Il licenziamento è ingiustificato quando è "privo di giusta causa o giustificato motivo."

Il licenziamento per giusta causa configura la massima sanzione disciplinare, preceduta da quello per giustificato motivo soggettivo, che pure è costituito da un “notevole inadempimento degli obblighi contrattuali”.

Ai sensi dell’art. 2119 c.c. il datore di lavoro può recedere dal rapporto quando si verifichi una causa che non ne consenta la prosecuzione, anche provvisoria, neppure per il tempo del preavviso.

Il licenziamento per giustificato motivo è disciplinato dall’art. 3, legge 15 luglio 1966, n. 604 che fornisce la definizione del licenziamento con preavviso per giustificato motivo, riferendolo o a "un notevole inadempimento degli obblighi contrattuali" (il cd. giustificato motivo soggettivo), ovvero a "ragioni inerenti all’attività produttiva, all’organizzazione del lavoro e al regolare funzionamento di essa" (il cd. giustificato motivo oggettivo).

Il licenziamento per giustificato motivo soggettivo si differenzia dalla giusta causa in quanto consente la prosecuzione del rapporto sia pure nei limiti del periodo di preavviso.

Il licenziamento "privo di giusta causa o giustificato motivo" (cioè ingiustificato) viene oggi sanzionato diversamente dall’art.18 della Legge 300/70 – Statuto dei lavoratori e dalla Legge 108/90, a seconda delle dimensioni occupazionali del datore di lavoro.

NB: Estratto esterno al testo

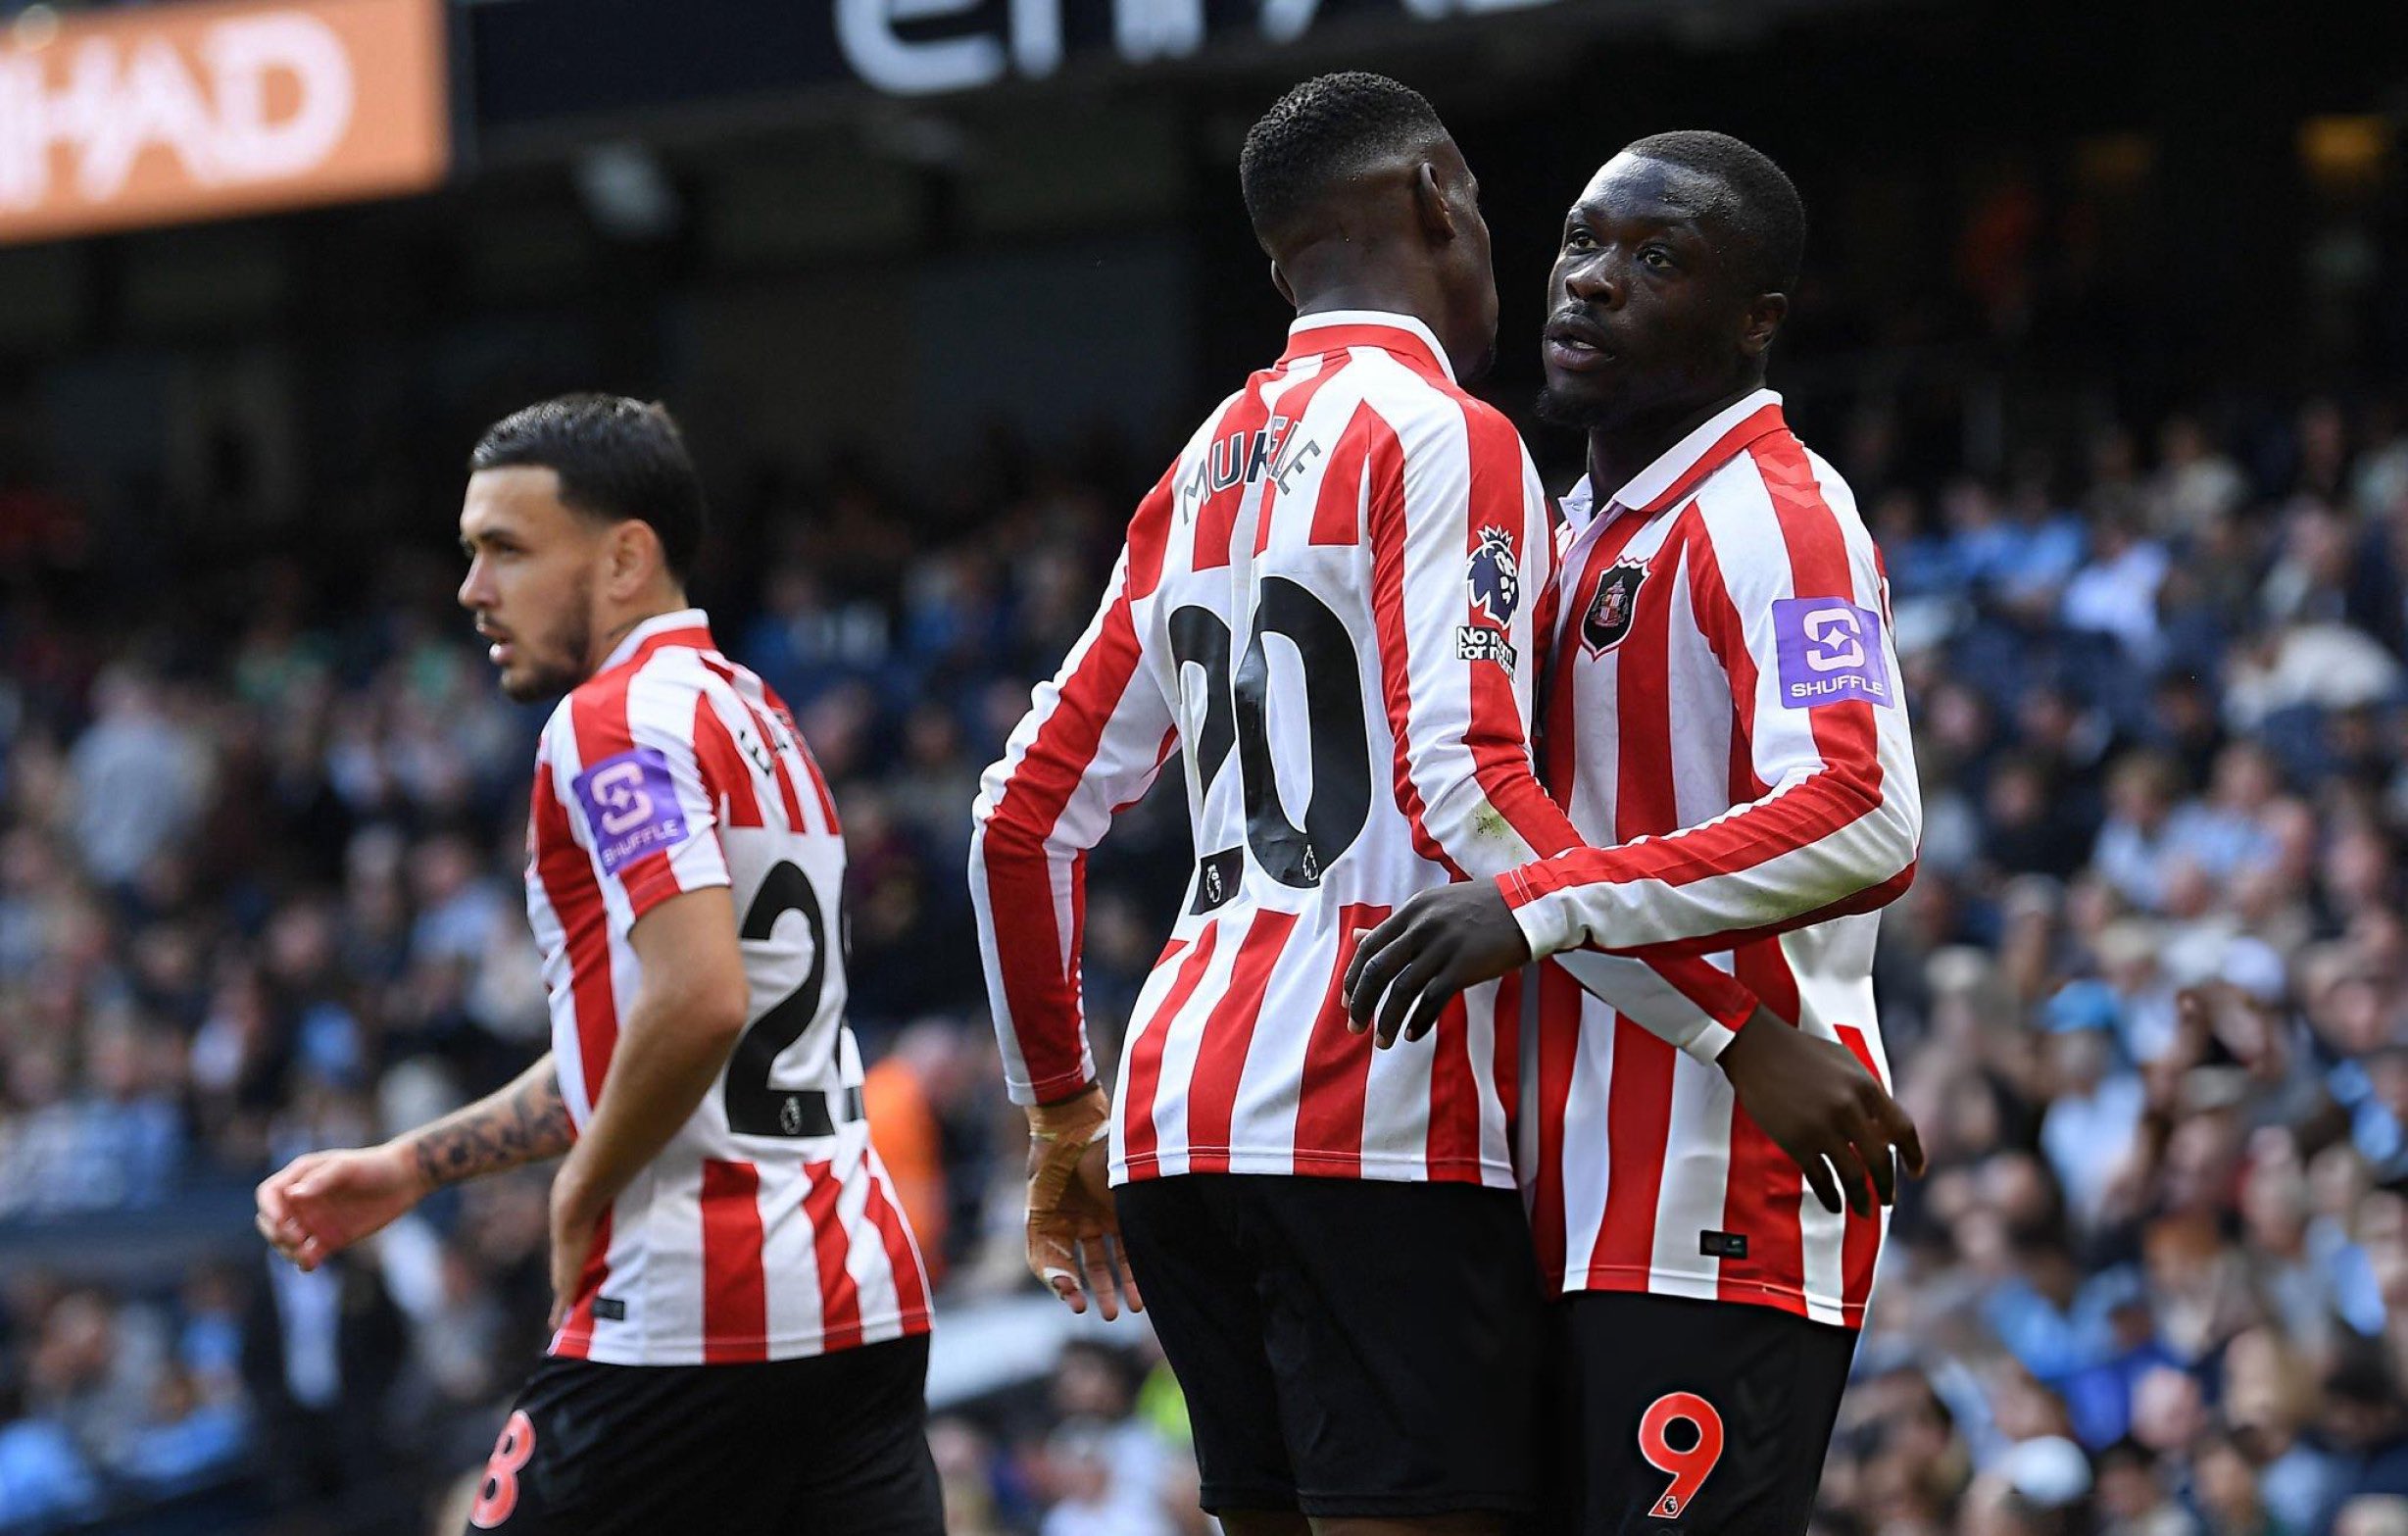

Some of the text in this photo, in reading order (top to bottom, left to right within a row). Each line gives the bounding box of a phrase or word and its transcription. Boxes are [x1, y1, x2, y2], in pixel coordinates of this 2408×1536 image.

[1457, 626, 1488, 645] No
[1791, 674, 1885, 698] SHUFFLE
[1169, 575, 1372, 916] 20
[601, 818, 680, 867] SHUFFLE
[724, 860, 867, 1138] 2
[469, 1409, 537, 1530] 8
[1638, 1391, 1724, 1519] 9

A – Campo di applicazione dell’art.18 della Legge 300/70 – Statuto dei lavoratori

  • Datori di lavoro con più di 15 dipendenti nell'unità produttiva (o più di 5 dipendenti se impresa agricola)
  • Datori di lavoro con più di 15 dipendenti nel territorio comunale (o più di 5 se impresa agricola) a prescindere dal numero dei dipendenti nelle singole unità produttive
  • Datori di lavoro con più di 60 dipendenti in ambito nazionale a prescindere al numero dei dipendenti nelle singole unità produttive

In questi casi oggi è previsto che se il Giudice del Lavoro riconosce l'illegittimità del licenziamento, con sentenza ordina all'imprenditore:

  • di reintegrare il lavoratore nel suo posto di lavoro
  • di risarcirlo corrispondendogli tutte le retribuzioni dal giorno del licenziamento sino al giorno della effettiva reintegrazione al lavoro, compreso il versamento dei contributi previdenziali ed assistenziali (in ogni caso il risarcimento non potrà essere inferiore a 5 mensilità di retribuzione).

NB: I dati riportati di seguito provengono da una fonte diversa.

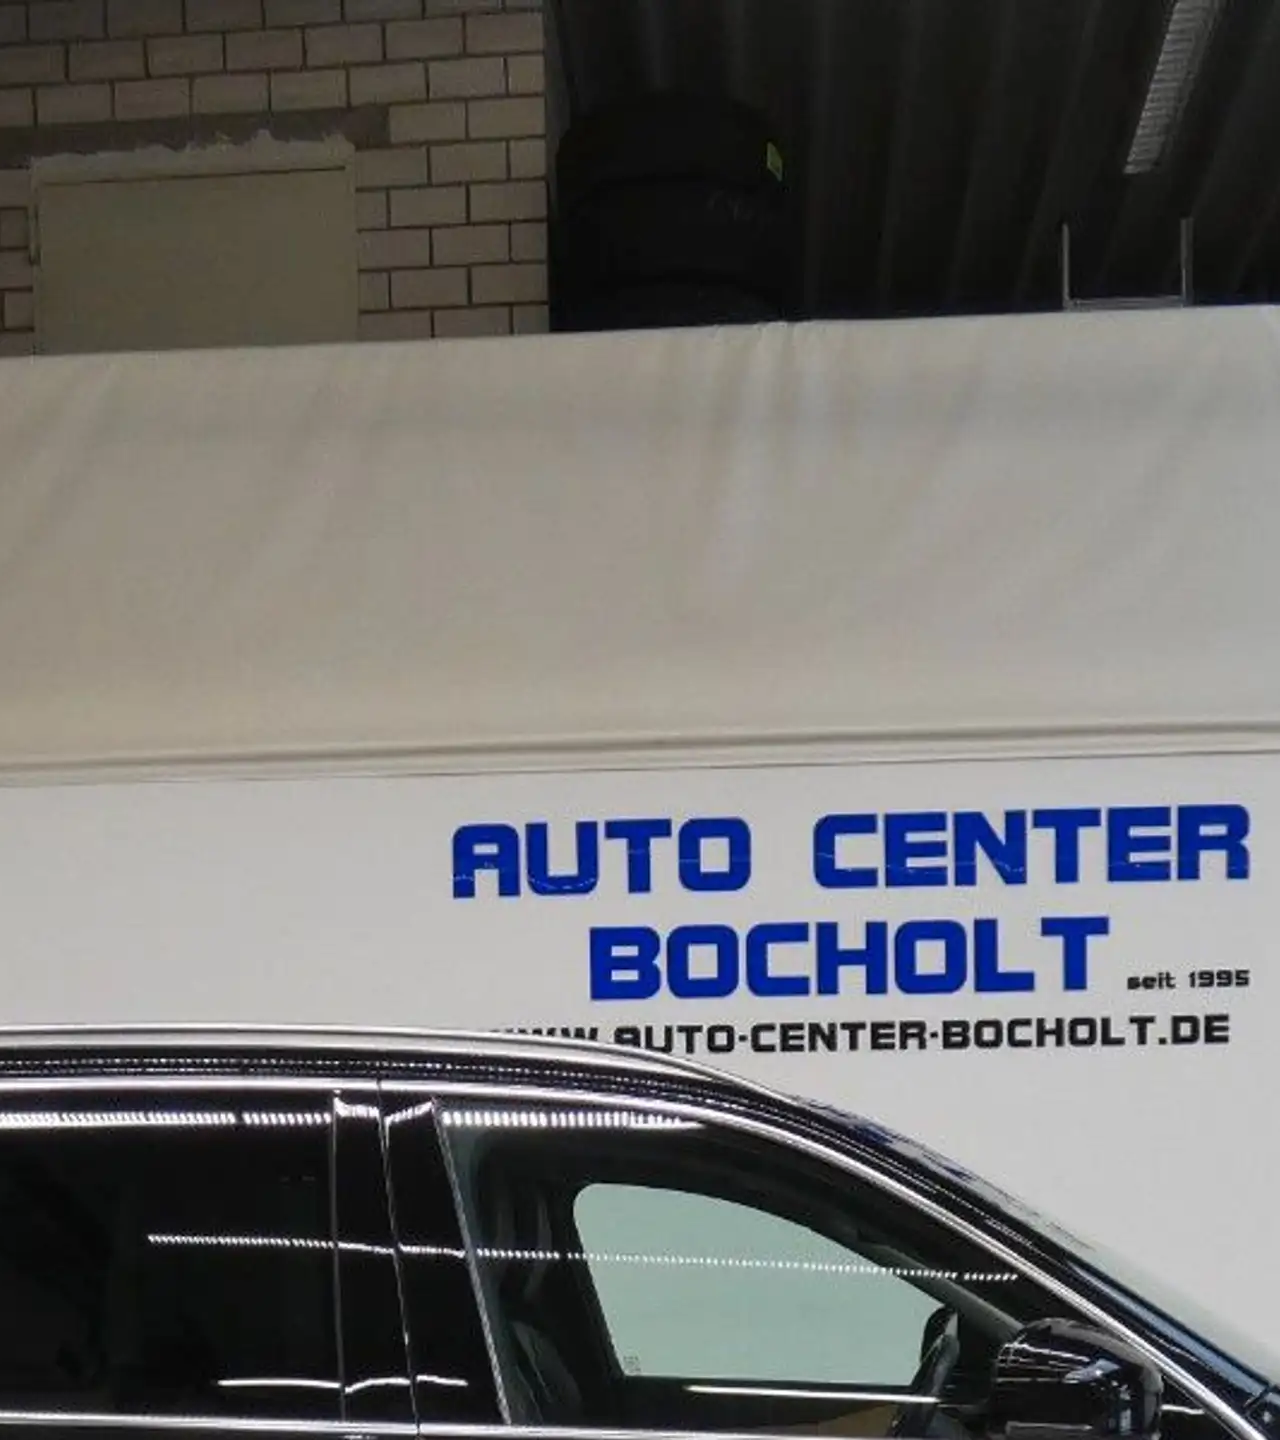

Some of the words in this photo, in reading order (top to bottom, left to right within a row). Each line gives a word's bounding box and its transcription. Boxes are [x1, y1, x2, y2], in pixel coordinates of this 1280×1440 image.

[452, 817, 752, 899] AUTO
[813, 804, 1250, 889] CENTER
[589, 916, 1109, 1001] BOCHOLT
[1127, 971, 1176, 990] seit
[1188, 969, 1250, 988] 1995

Inoltre, fermo restando il diritto al risarcimento del danno sopra indicato (tutte le retribuzioni dovute dal momento del licenziamento al reintegro al lavoro, e comunque un minimo di 5 mensilità), il lavoratore ha la facoltà di chiedere al datore di lavoro in sostituzione della reintegrazione nel posto di lavoro, una indennità pari a 15 mensilità di retribuzione globale di fatto. (quindi compresa la 13ma, 14ma, TFR).

B – Campo di applicazione della Legge 108/90

  • Aziende che abbiano più di 15 dipendenti e meno di 60, se nelle singole unità produttive o nell’ambito comunale non raggiungano i 16 addetti oppure i 6, se impresa agricola.

In questi casi oggi è il datore di lavoro che può scegliere fra la riassunzione del lavoratore o la corresponsione di un risarcimento del danno.

Per i datori di lavoro con meno di 16 dipendenti il risarcimento economico può variare da 2,5 a 6 mensilità di retribuzione globale di fatto.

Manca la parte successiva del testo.